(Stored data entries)
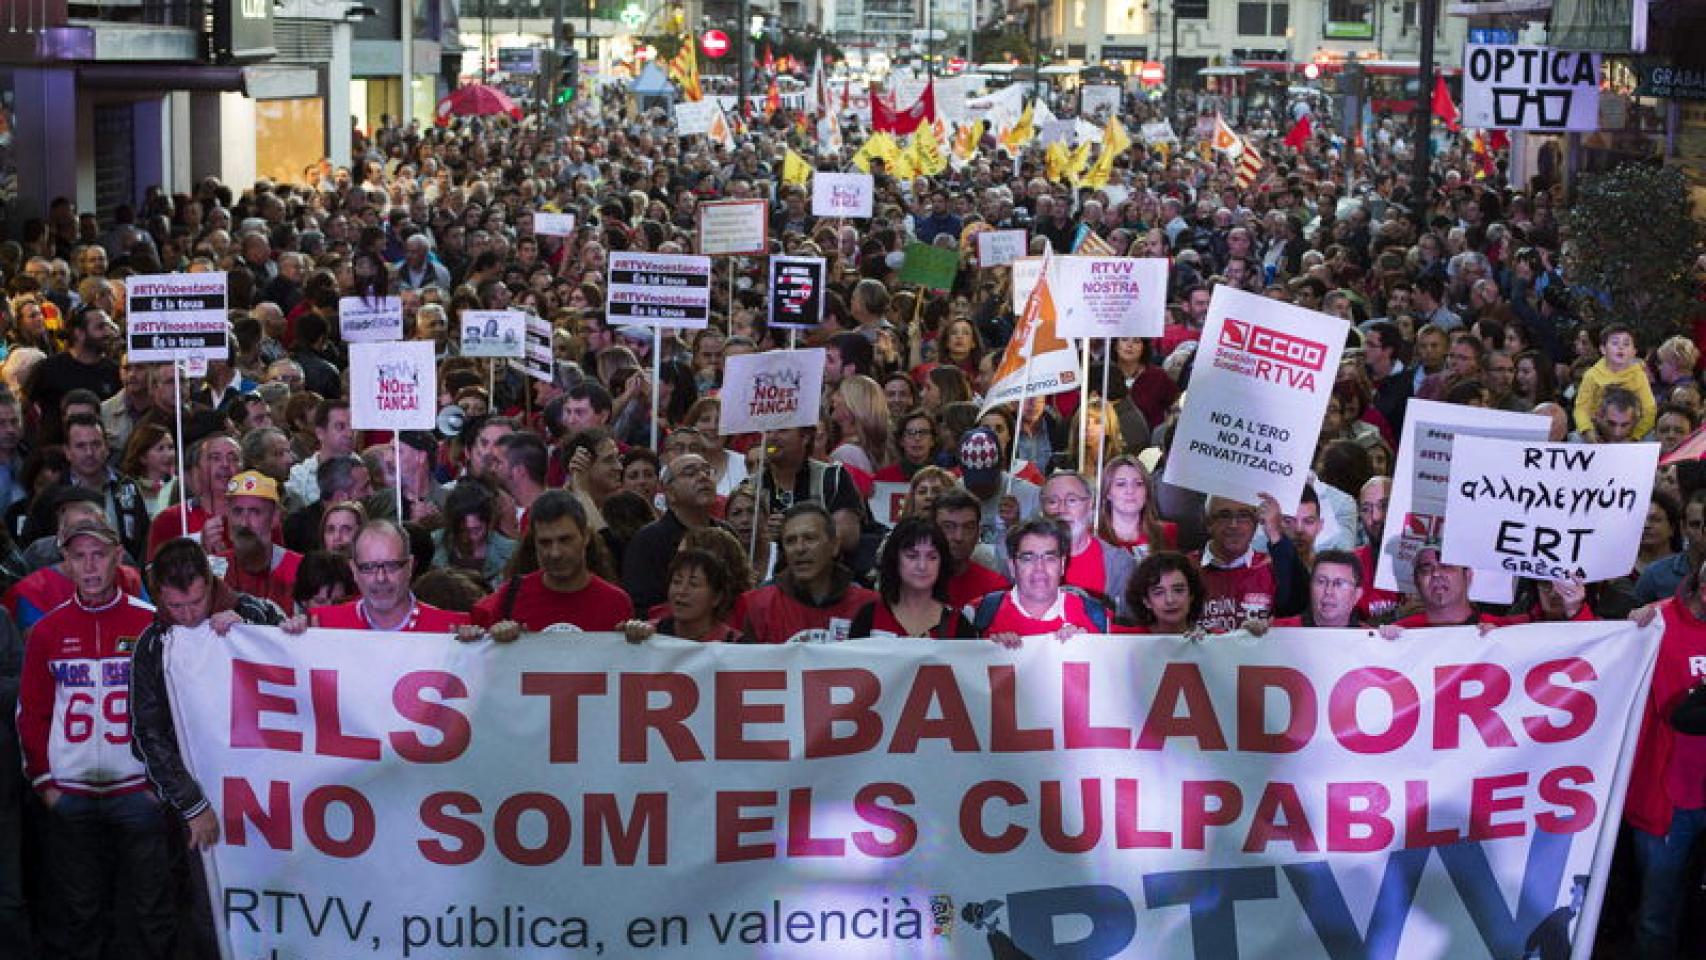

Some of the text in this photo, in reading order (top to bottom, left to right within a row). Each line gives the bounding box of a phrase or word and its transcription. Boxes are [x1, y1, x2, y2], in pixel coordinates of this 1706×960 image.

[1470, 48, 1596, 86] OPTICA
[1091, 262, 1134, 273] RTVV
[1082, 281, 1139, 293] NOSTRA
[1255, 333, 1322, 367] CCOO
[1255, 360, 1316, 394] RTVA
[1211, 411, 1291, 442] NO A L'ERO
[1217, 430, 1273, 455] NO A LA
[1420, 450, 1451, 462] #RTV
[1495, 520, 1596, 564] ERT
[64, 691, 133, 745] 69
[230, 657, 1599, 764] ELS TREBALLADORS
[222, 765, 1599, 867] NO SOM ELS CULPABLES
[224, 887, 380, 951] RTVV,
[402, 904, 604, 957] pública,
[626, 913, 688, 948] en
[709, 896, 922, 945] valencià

◆ WHAT TO WORK ON
Repeat each entry above exactly, passing over any images.

◆ EXERCISE SOLUTION
Some of the text in this photo, in reading order (top to bottom, left to right within a row). Each line gives the bounding box of a phrase or word and its transcription. Boxes are [x1, y1, x2, y2], in pixel coordinates of this 1706×960 image.

[1470, 48, 1596, 86] OPTICA
[1091, 262, 1134, 273] RTVV
[1082, 281, 1139, 293] NOSTRA
[1255, 333, 1322, 367] CCOO
[1255, 360, 1316, 394] RTVA
[1211, 411, 1291, 442] NO A L'ERO
[1217, 430, 1273, 455] NO A LA
[1420, 450, 1451, 462] #RTV
[1495, 520, 1596, 564] ERT
[64, 691, 133, 745] 69
[230, 657, 1599, 764] ELS TREBALLADORS
[222, 765, 1599, 867] NO SOM ELS CULPABLES
[224, 887, 380, 951] RTVV,
[402, 904, 604, 957] pública,
[626, 913, 688, 948] en
[709, 896, 922, 945] valencià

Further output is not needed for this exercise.